Carrère escreve sobre si mesmo com sinceridade no livro “Ioga”

Escritor francês que é uma celebridade na França publica “Ioga” no Brasil, um livro sobre a vida, a morte e tudo entre elas

Emmanuel Carrère é um daqueles escritores que testam os limites entre ficção e não ficção. É provável que isso não faça diferença para muitos leitores, mas é fato que faz diferença para a ex-mulher do autor. No processo de divórcio, a também escritora Hélène Devynck exigiu que, se Carrère a citasse em um livro, teria de buscar a autorização dela antes de publicar.

Os termos desse acordo foram testados quando “Ioga” saiu na França em 2020. E a polêmica não foi pequena. De um lado, Devynck diz que Carrère usou artimanhas para contornar o acordo (não citando nomes, por exemplo), de outro, o escritor procurou defender seu direito de publicar o livro.

Agora, leitoras e leitores brasileiros têm acesso ao livro controverso. “Ioga” acaba de ser publicado no país pela Alfaguara, com tradução de Mariana Delfini.

Emmanuel Carrère

A princípio, Emmanuel Carrère queria só escrever um livrinho simpático sobre ioga. Algo que as pessoas pudessem ler e se sentir bem, talvez até fazer ioga e meditação, por que não? Ele, beirando os 60 anos, descobriu os prazeres de passar horas concentrado nas próprias narinas. Porém, a vida de Carrère degringolou e, com ela, a ideia original do livro.

O autor enfrentou o fim de seu casamento, a morte de um amigo (no atentado contra a redação da revista “Charlie Hebdo”) e uma espécie de colapso que o levou a ser internado numa clínica psiquiátrica. Durante esse processo, ele descobriu ser bipolar, um diagnóstico ao qual resistiu no começo, mas depois acabou sendo extremamente influenciado por ele. Todos esses episódios fazem parte de “Ioga”.

Na prática, o livro acaba sendo sobre um monte de coisas, mas ele é, fundamentalmente, sobre o umbigo (metafórico) de Carrère.

A questão sobre qual seria o gênero literário de “Ioga” deixa algumas pessoas meio perplexas, como a resenhista Molly Young, do jornal “The New York Times”. Na França, “Ioga” saiu como romance e, na Biblioteca do Congresso dos Estados Unidos, como autobiografia, compara Young. No Brasil, essa parada costuma ser resolvida com “romance autobiográfico”.

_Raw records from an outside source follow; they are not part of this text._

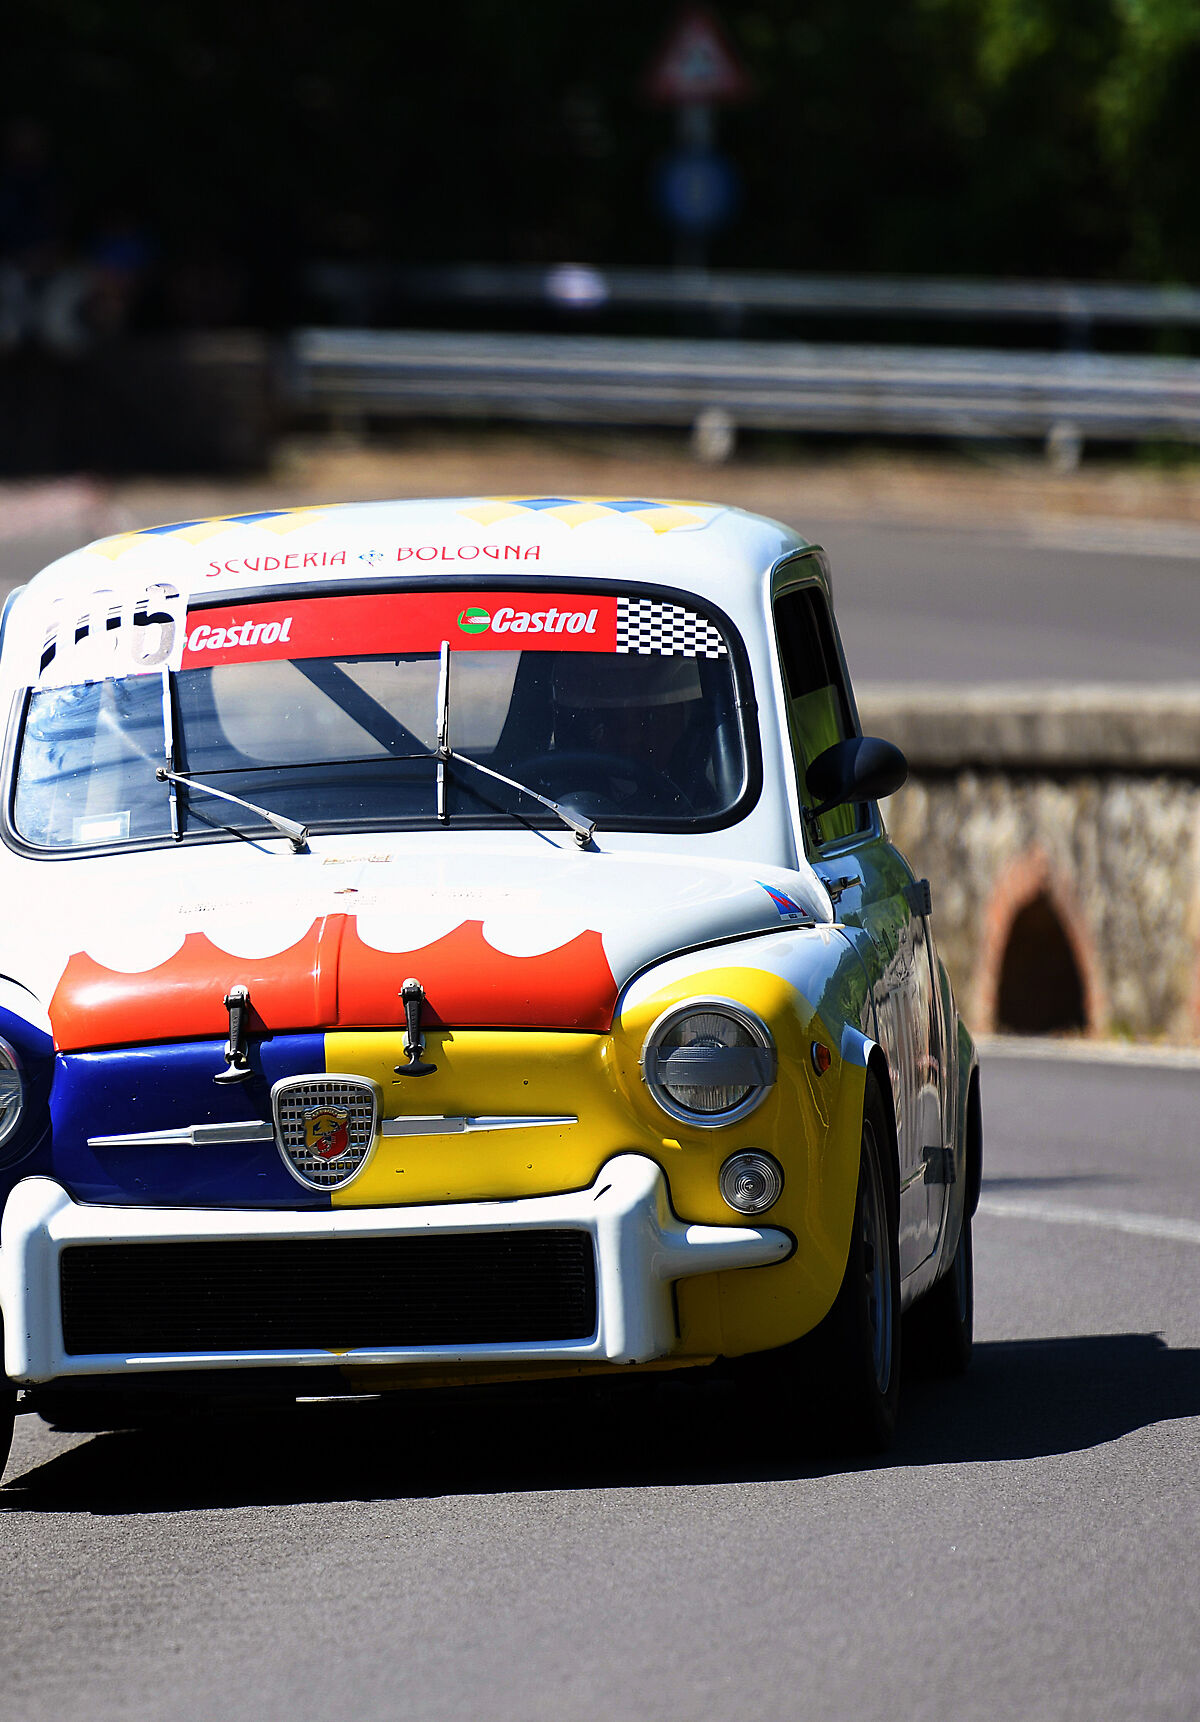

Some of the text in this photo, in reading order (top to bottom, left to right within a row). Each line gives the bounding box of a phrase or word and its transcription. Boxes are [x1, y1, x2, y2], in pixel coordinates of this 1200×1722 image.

[204, 544, 542, 578] SCUDERIA BOLOGNA
[185, 616, 293, 652] Castrol
[490, 607, 599, 634] Castrol
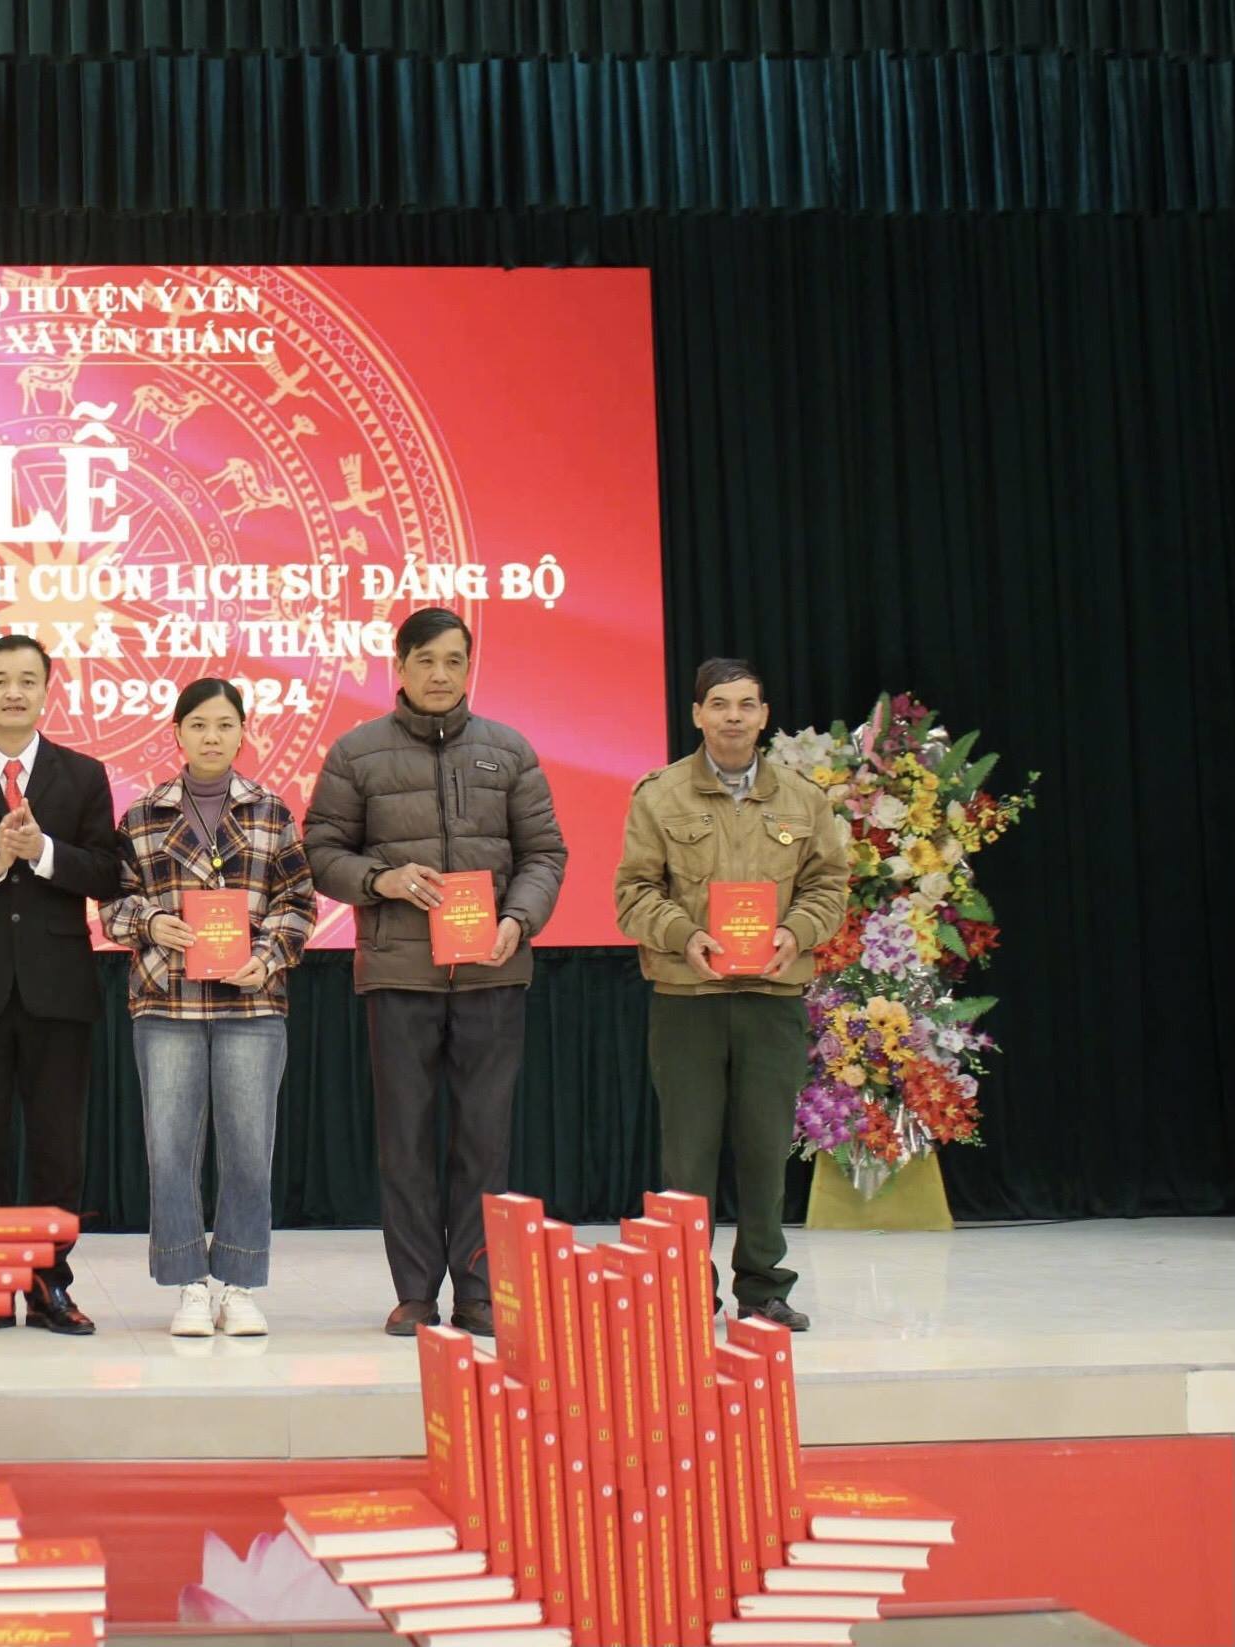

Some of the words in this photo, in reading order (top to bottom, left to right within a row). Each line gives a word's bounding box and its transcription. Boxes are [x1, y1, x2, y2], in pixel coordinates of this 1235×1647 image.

[19, 282, 143, 320] HUYỆN
[154, 278, 179, 312] Ý
[188, 278, 260, 312] YÊN
[5, 320, 56, 355] XÃ
[64, 319, 138, 354] YÊN
[146, 320, 275, 354] THẮNG
[28, 553, 152, 602] CUỐN
[167, 563, 269, 610] LỊCH
[281, 553, 348, 601] SỬ
[360, 553, 490, 600] ĐẢNG
[499, 554, 566, 609] BỘ
[50, 612, 124, 658] XÃ
[133, 611, 229, 658] YÊN
[239, 605, 396, 657] THẮNG

Mais engraçada foi a Amazon (famosa pelos subgêneros bizarros), que classificou o livro como “ficção médica” – isso, na loja americana. No Brasil, a Amazon é menos “inventiva”, digamos, e encara o livro como “ficção francesa” mesmo.

“Ioga”

A edição brasileira de “Ioga” traz na capa uma frase do escritor norueguês Karl Ove Knausgård. Para o escandinavo, Carrère é “o mais instigante escritor vivo”. Faz sentido citar Knausgård porque tudo que o norueguês fez com “Minha luta” (a série de seis volumes em que fala de si mesmo, de Hitler e de pessoas próximas e não tão próximas), Carrère fez antes em livros como “Um romance russo”, “Outras vidas que não a minha” e “O reino”. Tudo. Do embate com gêneros literários à polêmica envolvendo pessoas retratadas em seus livros, passando pela sinceridade extrema ao expor questões íntimas a um passo do constrangedor e do desconfortável (e, às vezes, dando esse último passo).

Livro

“Ioga”, de Emmanuel Carrère. Tradução de Mariana Delfini. Alfaguara, 342 páginas, R$ 79,90. Romance.